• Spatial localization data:

::::::::

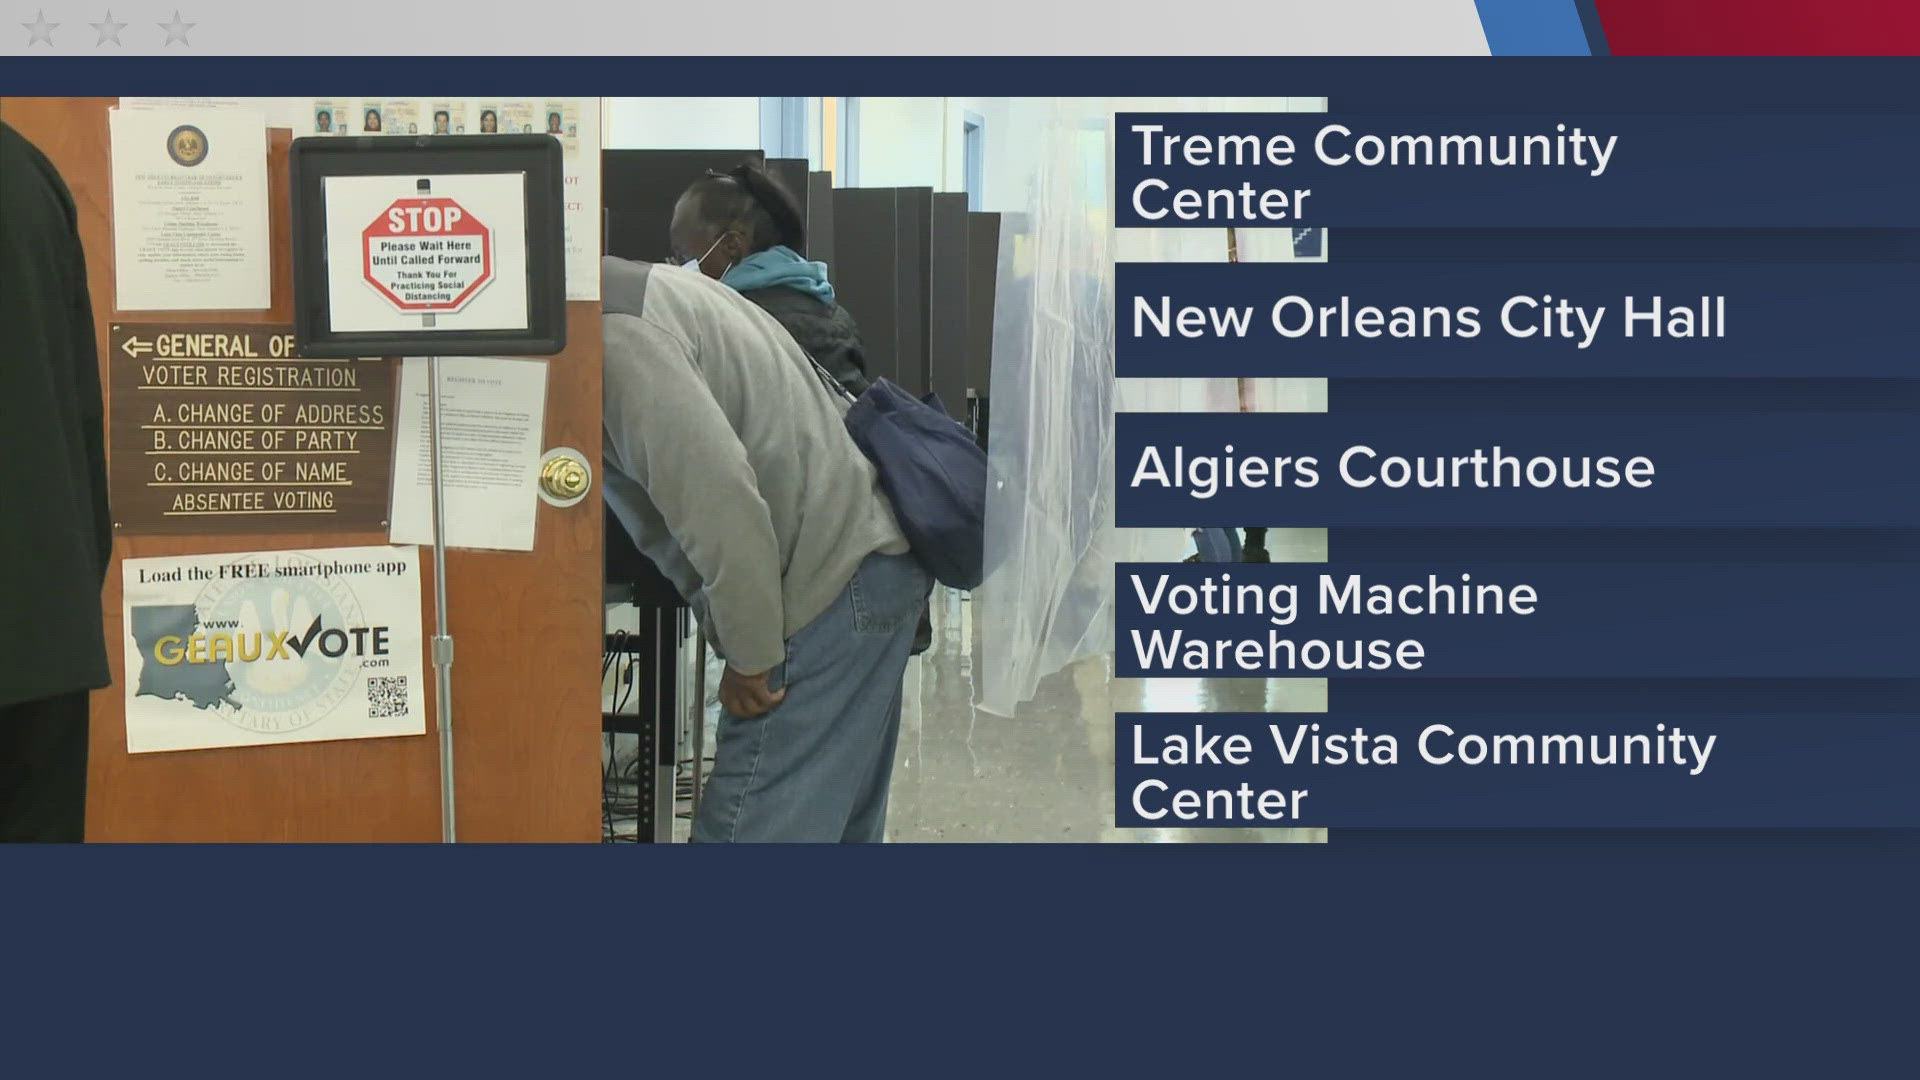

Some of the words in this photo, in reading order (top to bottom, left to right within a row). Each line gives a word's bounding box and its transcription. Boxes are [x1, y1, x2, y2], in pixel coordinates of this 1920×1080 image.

[388, 206, 461, 233] STOP
[380, 241, 416, 252] Please
[419, 241, 443, 250] Wait
[446, 240, 472, 250] Here
[372, 256, 398, 266] Until
[400, 255, 435, 265] Called
[438, 254, 481, 265] Forward
[397, 271, 423, 279] Thank
[426, 271, 441, 279] You
[443, 270, 457, 278] For
[390, 282, 435, 291] Practicing
[437, 281, 465, 289] Social
[405, 292, 451, 301] Distancing
[156, 333, 259, 358] GENERAL
[268, 335, 296, 358] OF
[143, 364, 208, 386] VOTER
[217, 366, 356, 387] REGISTRATION
[154, 403, 172, 423] A.
[178, 403, 254, 423] CHANGE
[261, 403, 286, 423] OF
[295, 404, 384, 424] ADDRESS
[154, 431, 172, 450] B.
[178, 431, 254, 450] CHANGE
[261, 431, 286, 450] OF
[295, 431, 358, 450] PARTY
[154, 462, 172, 481] C.
[178, 462, 254, 481] CHANGE
[261, 462, 286, 481] OF
[295, 462, 347, 481] NAME
[172, 492, 265, 511] ABSENTEE
[273, 490, 334, 509] VOTING
[139, 566, 182, 584] Load
[187, 565, 214, 581] the
[219, 563, 270, 580] FREE
[275, 560, 372, 578] smartphone
[376, 560, 407, 577] app
[203, 620, 244, 630] www.
[359, 657, 390, 668] .com
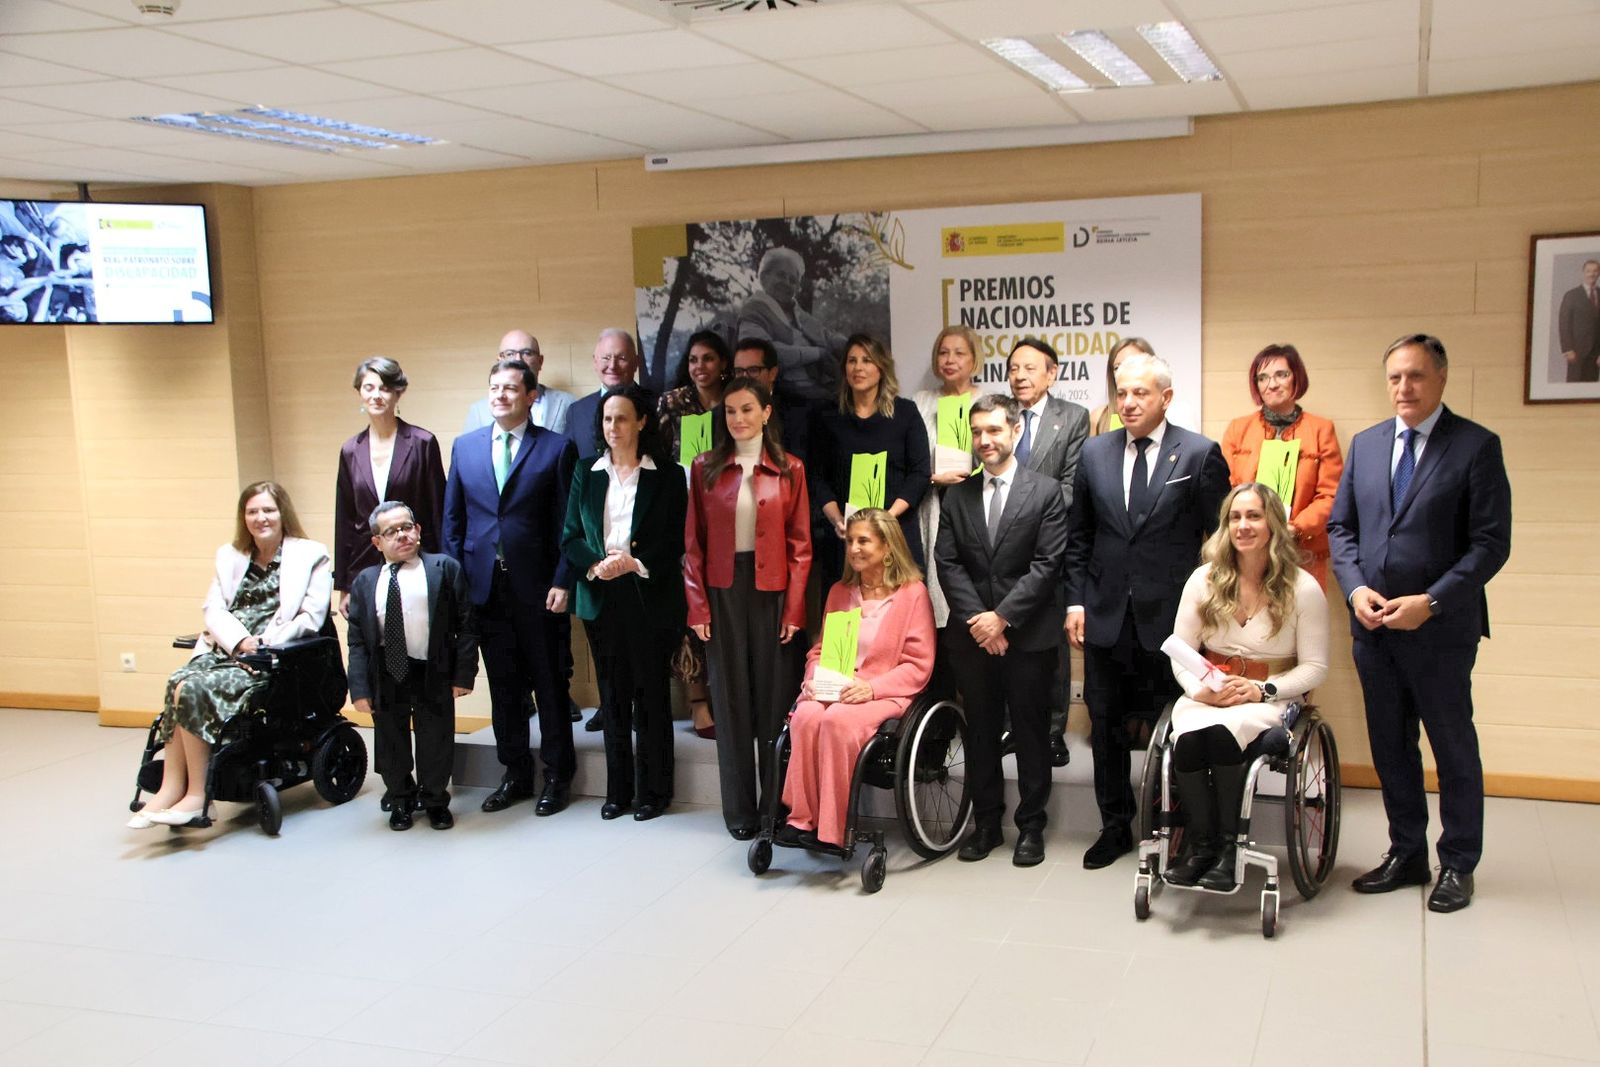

::::::::

Write out every record exactly. Leave the pictures out.

• RESPONSE TO THE EXERCISE:
Some of the words in this photo, in reading order (top to bottom, left to right within a row). Each line gives a word's bounding box and its transcription. Boxes are [x1, y1, x2, y2], in pixel coordinates of this 1920×1080 image.

[388, 206, 461, 233] STOP
[380, 241, 416, 252] Please
[419, 241, 443, 250] Wait
[446, 240, 472, 250] Here
[372, 256, 398, 266] Until
[400, 255, 435, 265] Called
[438, 254, 481, 265] Forward
[397, 271, 423, 279] Thank
[426, 271, 441, 279] You
[443, 270, 457, 278] For
[390, 282, 435, 291] Practicing
[437, 281, 465, 289] Social
[405, 292, 451, 301] Distancing
[156, 333, 259, 358] GENERAL
[268, 335, 296, 358] OF
[143, 364, 208, 386] VOTER
[217, 366, 356, 387] REGISTRATION
[154, 403, 172, 423] A.
[178, 403, 254, 423] CHANGE
[261, 403, 286, 423] OF
[295, 404, 384, 424] ADDRESS
[154, 431, 172, 450] B.
[178, 431, 254, 450] CHANGE
[261, 431, 286, 450] OF
[295, 431, 358, 450] PARTY
[154, 462, 172, 481] C.
[178, 462, 254, 481] CHANGE
[261, 462, 286, 481] OF
[295, 462, 347, 481] NAME
[172, 492, 265, 511] ABSENTEE
[273, 490, 334, 509] VOTING
[139, 566, 182, 584] Load
[187, 565, 214, 581] the
[219, 563, 270, 580] FREE
[275, 560, 372, 578] smartphone
[376, 560, 407, 577] app
[203, 620, 244, 630] www.
[359, 657, 390, 668] .com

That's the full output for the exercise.